» **Work to be completed**:
Since only the words are wanted, reproduce every entry exactly and leave the images behind.

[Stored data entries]
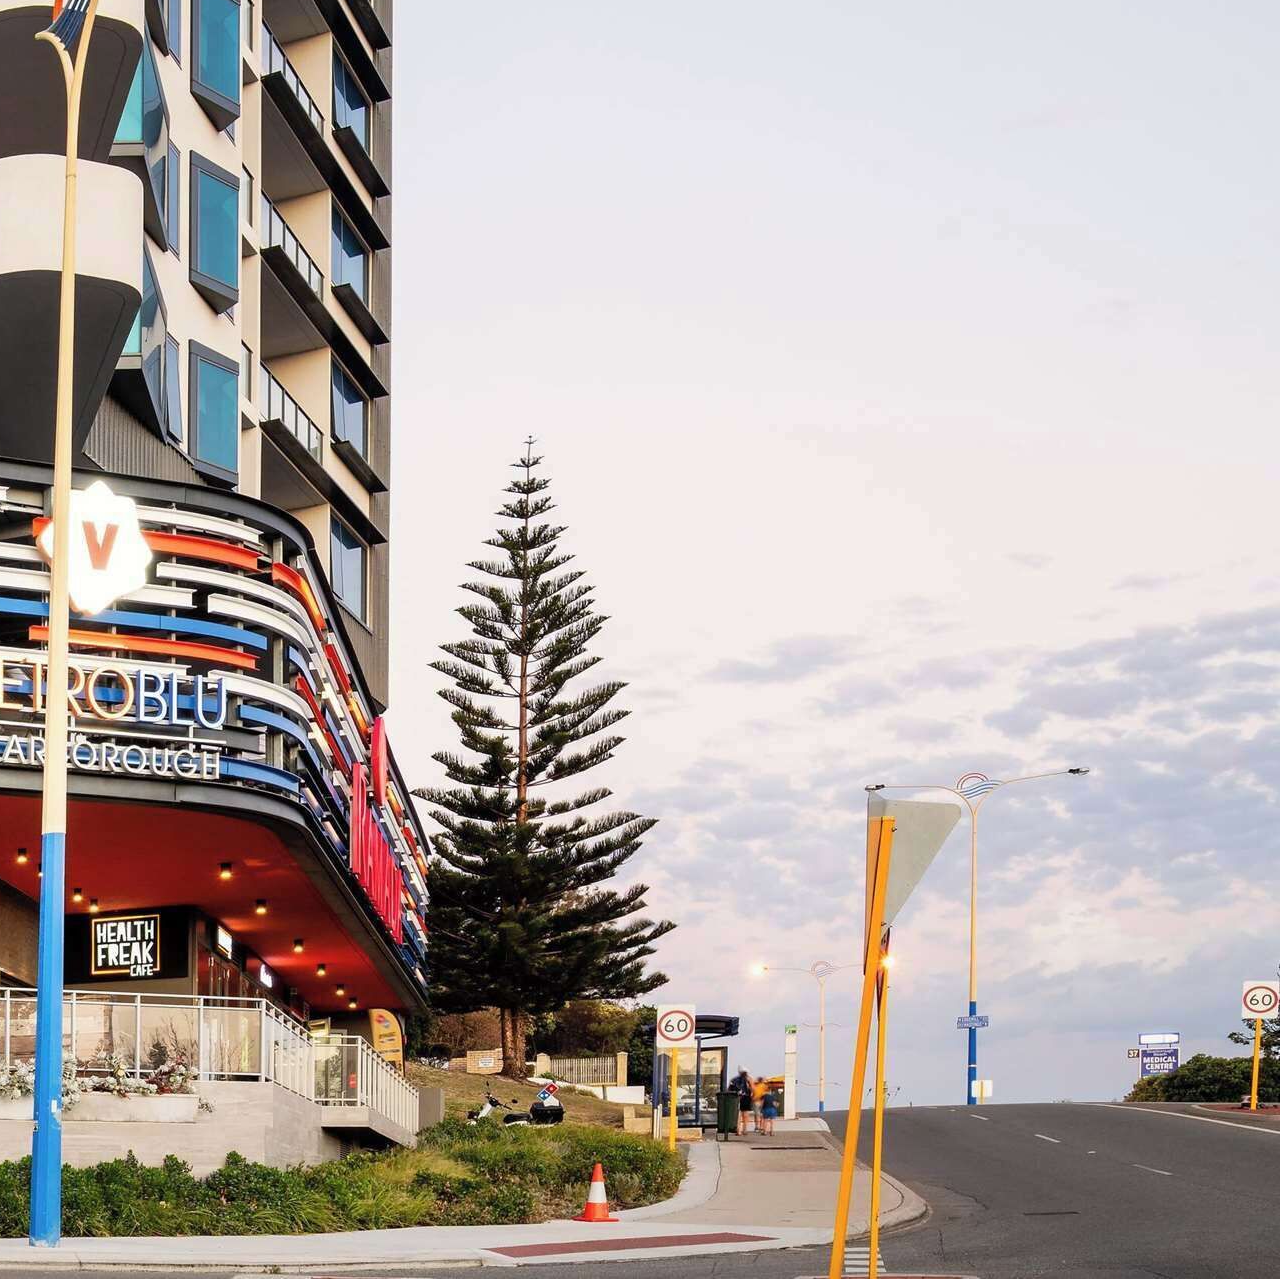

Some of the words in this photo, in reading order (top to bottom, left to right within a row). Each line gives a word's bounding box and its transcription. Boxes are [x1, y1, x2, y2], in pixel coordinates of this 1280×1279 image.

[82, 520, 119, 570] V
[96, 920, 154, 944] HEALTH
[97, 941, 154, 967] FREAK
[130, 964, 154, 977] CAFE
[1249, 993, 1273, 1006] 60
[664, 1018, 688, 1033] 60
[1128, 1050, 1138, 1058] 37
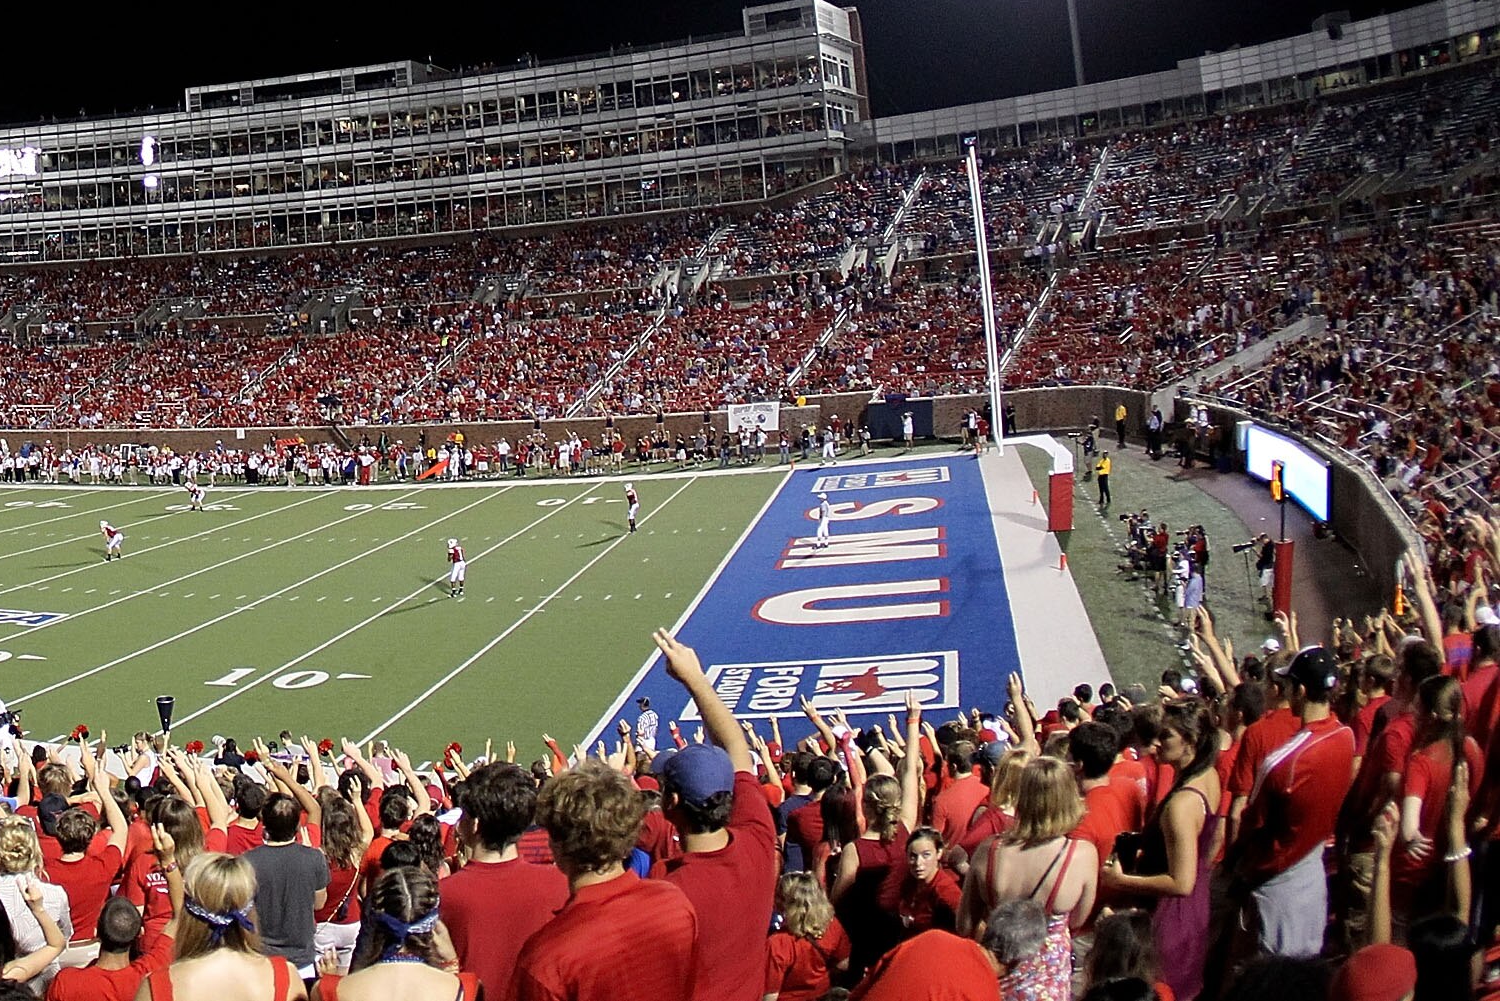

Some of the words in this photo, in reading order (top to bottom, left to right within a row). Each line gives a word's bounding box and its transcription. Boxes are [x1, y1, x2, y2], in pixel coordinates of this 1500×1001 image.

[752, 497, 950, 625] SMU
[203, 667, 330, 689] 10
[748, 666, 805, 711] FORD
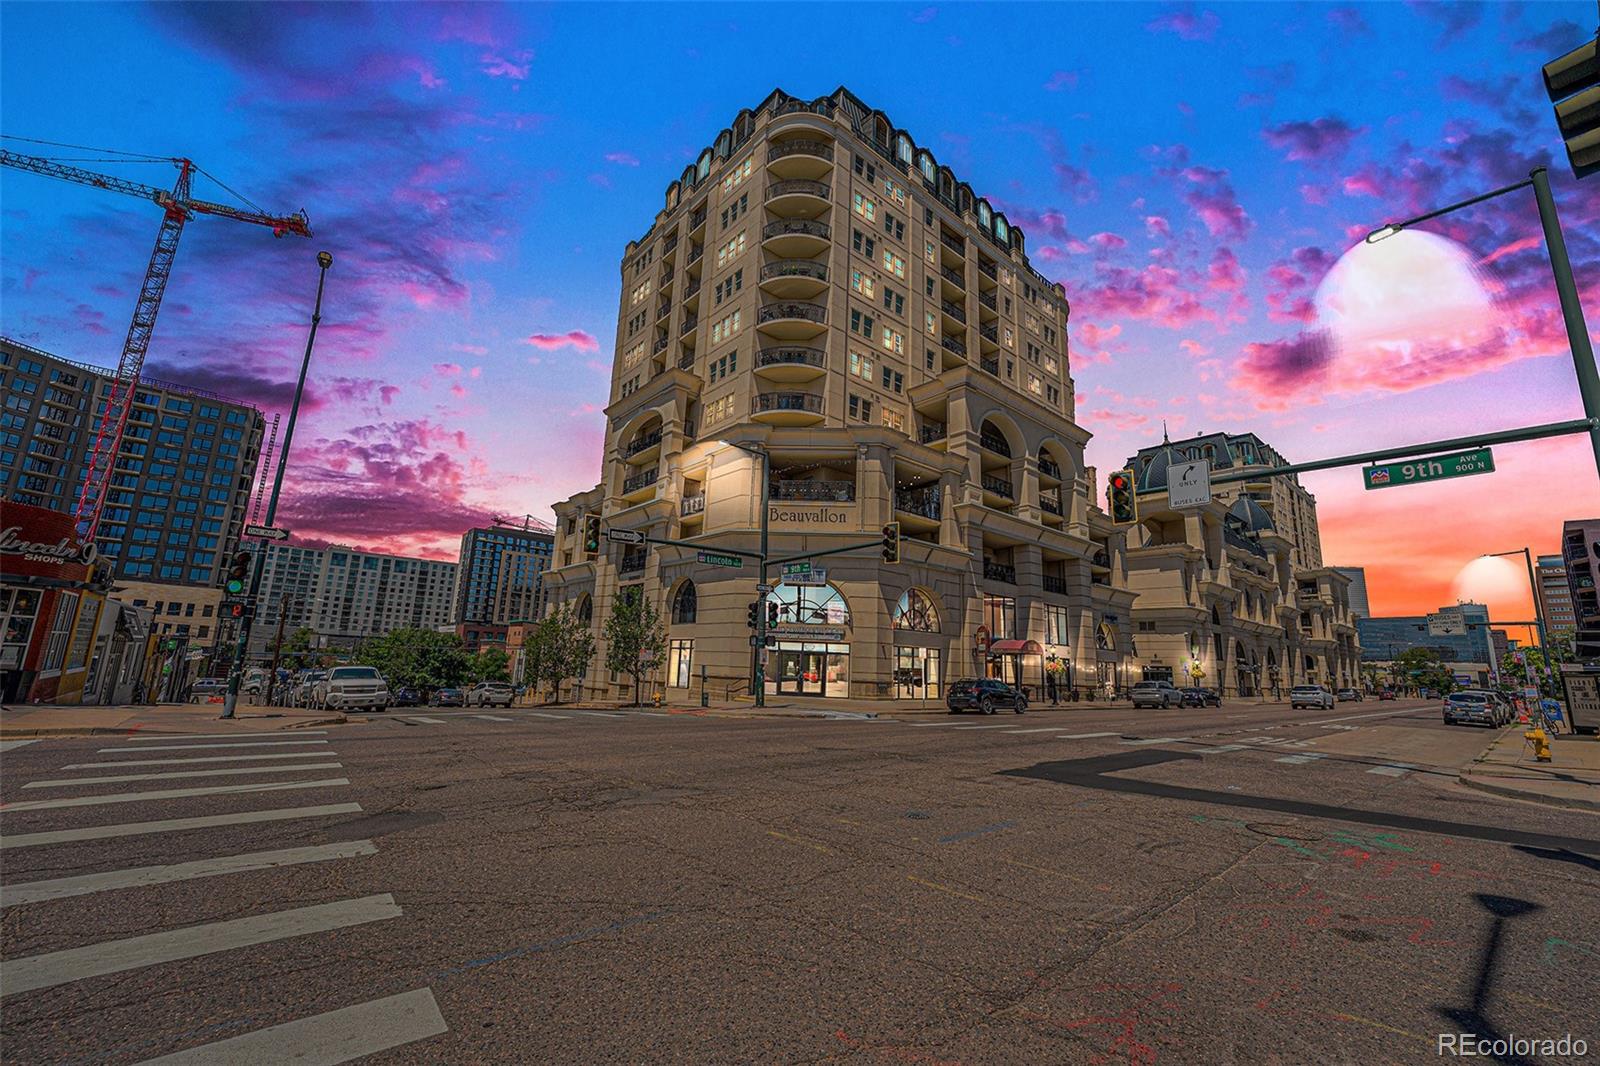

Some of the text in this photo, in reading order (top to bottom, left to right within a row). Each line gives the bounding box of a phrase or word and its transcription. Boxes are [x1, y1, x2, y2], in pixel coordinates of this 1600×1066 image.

» **Solution**:
Some of the words in this photo, in reading order (top to bottom, left to right within a row). Each line gives a word's bounding box and its transcription. Boxes are [x1, y1, x2, y2], in pixel coordinates of this 1280×1279 image.

[82, 520, 119, 570] V
[96, 920, 154, 944] HEALTH
[97, 941, 154, 967] FREAK
[130, 964, 154, 977] CAFE
[1249, 993, 1273, 1006] 60
[664, 1018, 688, 1033] 60
[1128, 1050, 1138, 1058] 37

Some of the words in this photo, in reading order (top to bottom, left to right within a row). Each line gives a word's bounding box and its transcription. Boxes are [x1, y1, x2, y2], in pixel coordinates of this 1500×1001 image.

[752, 497, 950, 625] SMU
[203, 667, 330, 689] 10
[748, 666, 805, 711] FORD

Some of the text in this photo, in reading order (top to bottom, left to right within a row). Each line gives the bounding box of a phrase or word and its transcription. Boxes are [x1, y1, x2, y2], in pixel coordinates of this 1600×1066 image.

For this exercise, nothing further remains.